[Assigned task]:
Return the listing that follows exactly, with no pictures included.

[Records shown]:

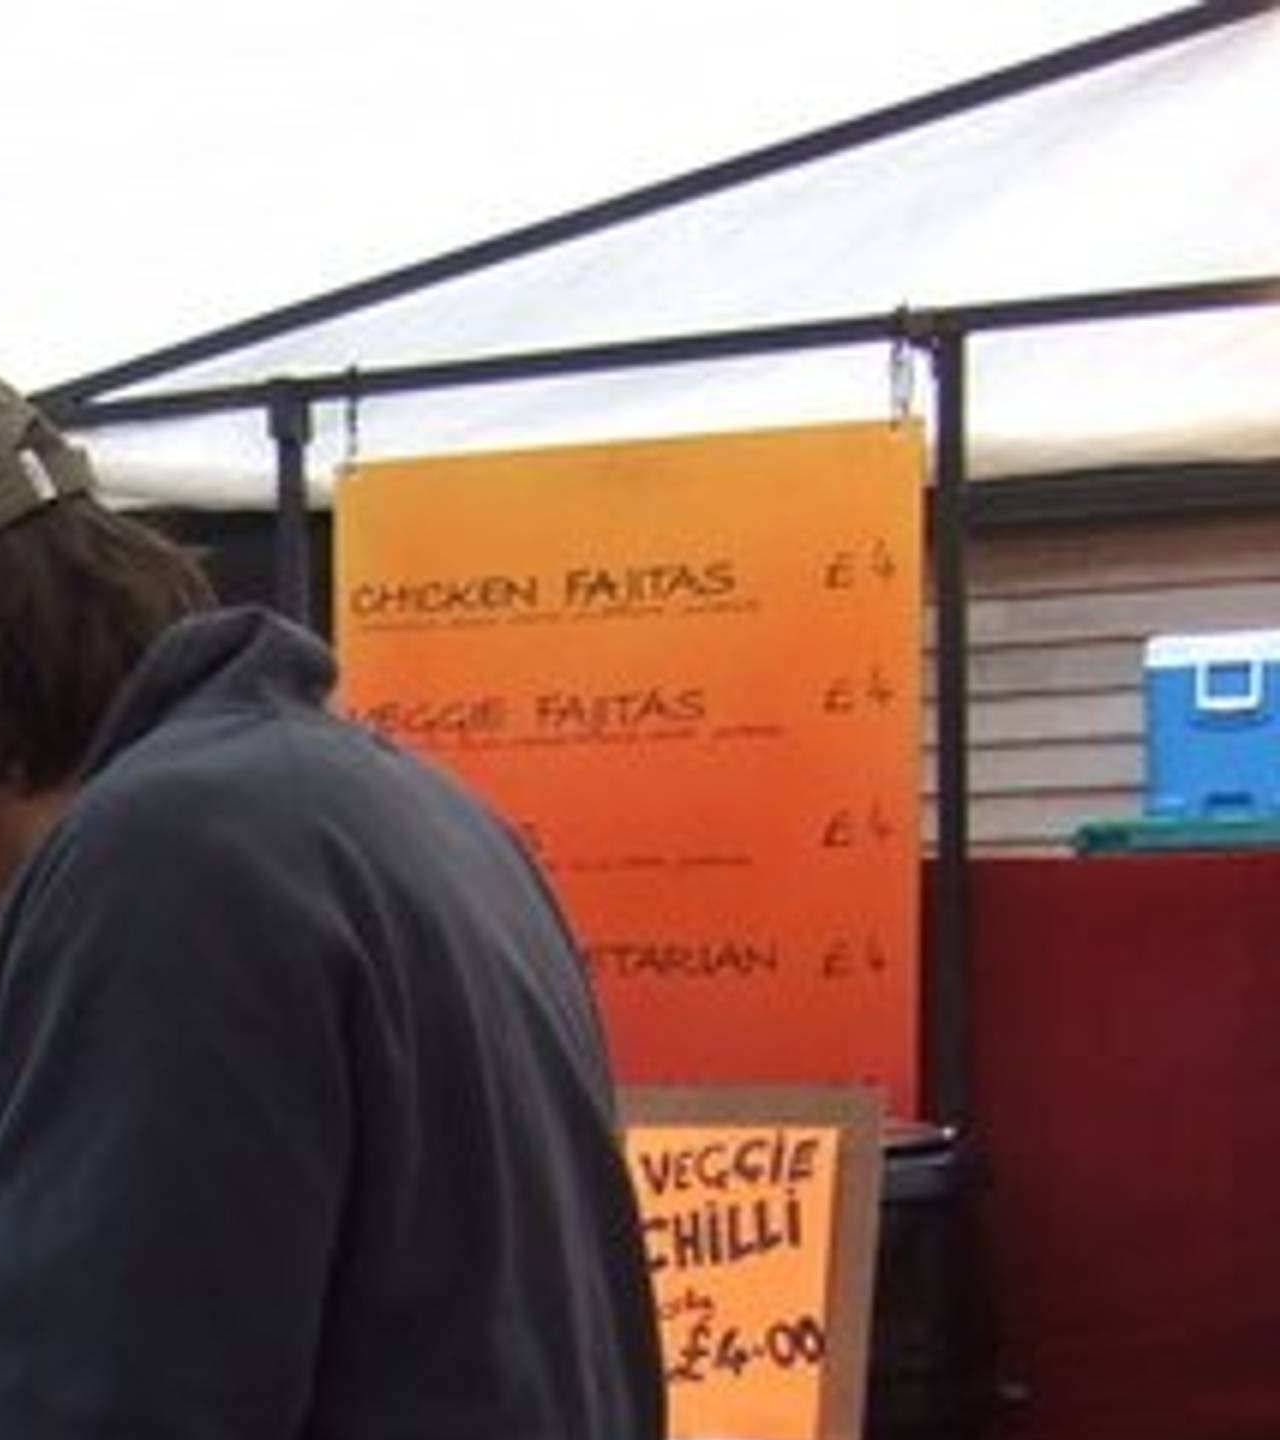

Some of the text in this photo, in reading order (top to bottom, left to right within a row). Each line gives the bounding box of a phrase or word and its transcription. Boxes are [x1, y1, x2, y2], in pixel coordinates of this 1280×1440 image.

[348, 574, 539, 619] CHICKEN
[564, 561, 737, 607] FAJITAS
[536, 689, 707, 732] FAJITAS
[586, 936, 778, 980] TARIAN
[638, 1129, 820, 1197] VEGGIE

[Your response]:
Some of the text in this photo, in reading order (top to bottom, left to right within a row). Each line gives the bounding box of a phrase or word and its transcription. Boxes are [x1, y1, x2, y2], in pixel coordinates of this 1280×1440 image.

[348, 574, 539, 619] CHICKEN
[564, 561, 737, 607] FAJITAS
[536, 689, 707, 732] FAJITAS
[586, 936, 778, 980] TARIAN
[638, 1129, 820, 1197] VEGGIE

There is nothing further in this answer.